Directions for this task -> Here the job is to transcribe the data exactly while omitting the images.

Source material ->

....................

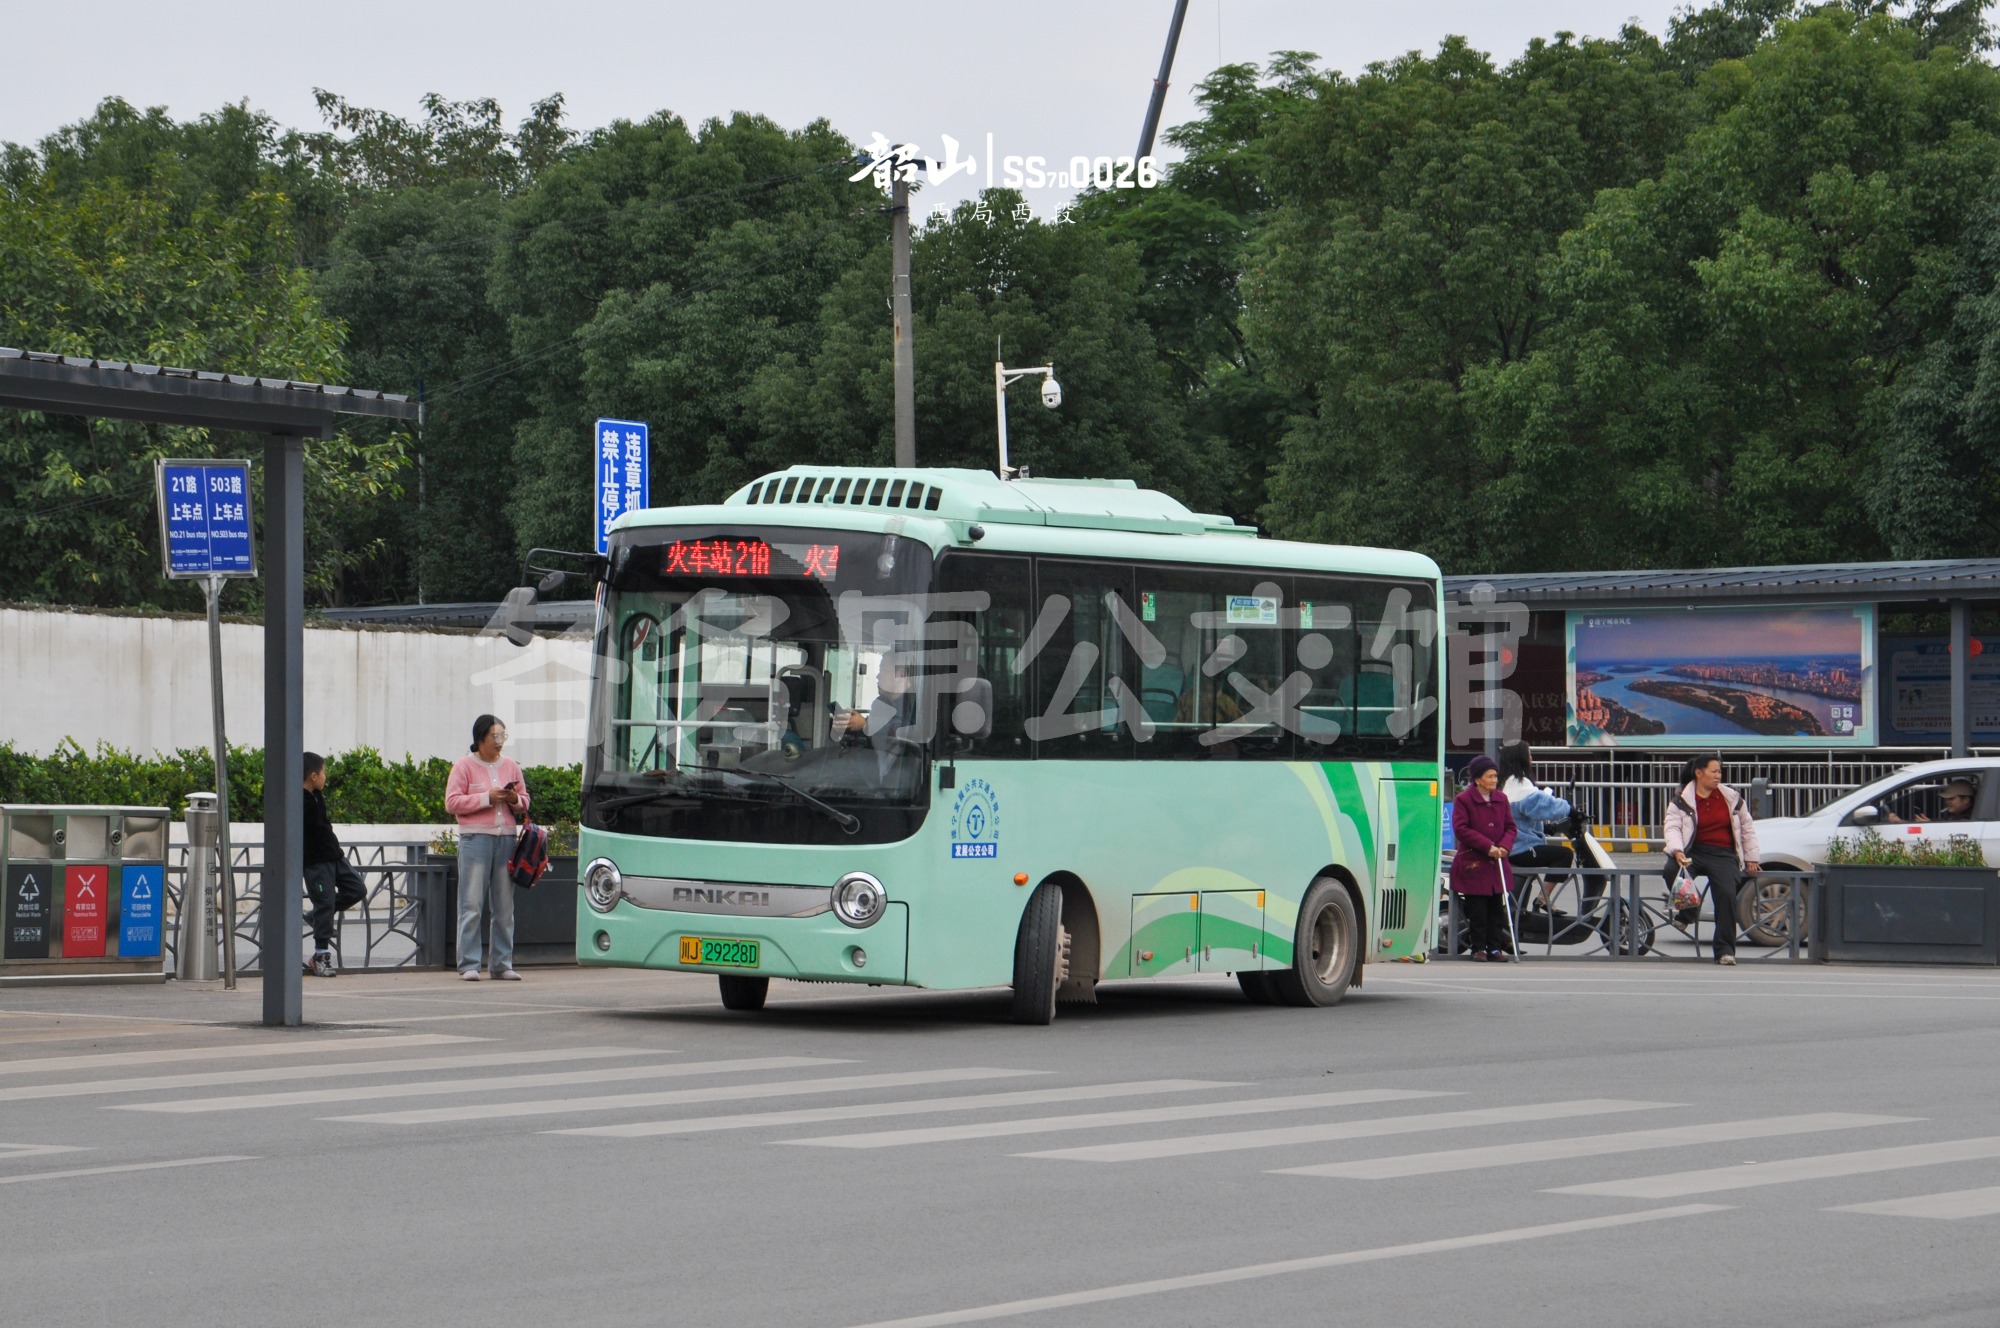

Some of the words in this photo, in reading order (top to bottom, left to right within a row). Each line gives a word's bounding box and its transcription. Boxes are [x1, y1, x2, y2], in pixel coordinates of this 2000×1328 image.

[171, 475, 197, 494] 21路
[210, 476, 242, 494] 503路
[171, 502, 204, 521] 上车点
[212, 502, 244, 521] 上车点
[170, 530, 185, 538] NO.21
[186, 530, 195, 538] bus
[196, 531, 207, 540] stop
[211, 530, 228, 538] NO.503
[229, 530, 237, 538] bus
[238, 531, 248, 540] stop
[955, 844, 994, 857] 发展公交公司
[673, 887, 769, 906] ANKAI
[204, 886, 214, 937] 烟头不落地

....................

Completed task ->
Some of the words in this photo, in reading order (top to bottom, left to right within a row). Each line gives a word's bounding box and its transcription. Boxes are [x1, y1, x2, y2], in pixel coordinates of this 2000×1328 image.

[171, 475, 197, 494] 21路
[210, 476, 242, 494] 503路
[171, 502, 204, 521] 上车点
[212, 502, 244, 521] 上车点
[170, 530, 185, 538] NO.21
[186, 530, 195, 538] bus
[196, 531, 207, 540] stop
[211, 530, 228, 538] NO.503
[229, 530, 237, 538] bus
[238, 531, 248, 540] stop
[955, 844, 994, 857] 发展公交公司
[673, 887, 769, 906] ANKAI
[204, 886, 214, 937] 烟头不落地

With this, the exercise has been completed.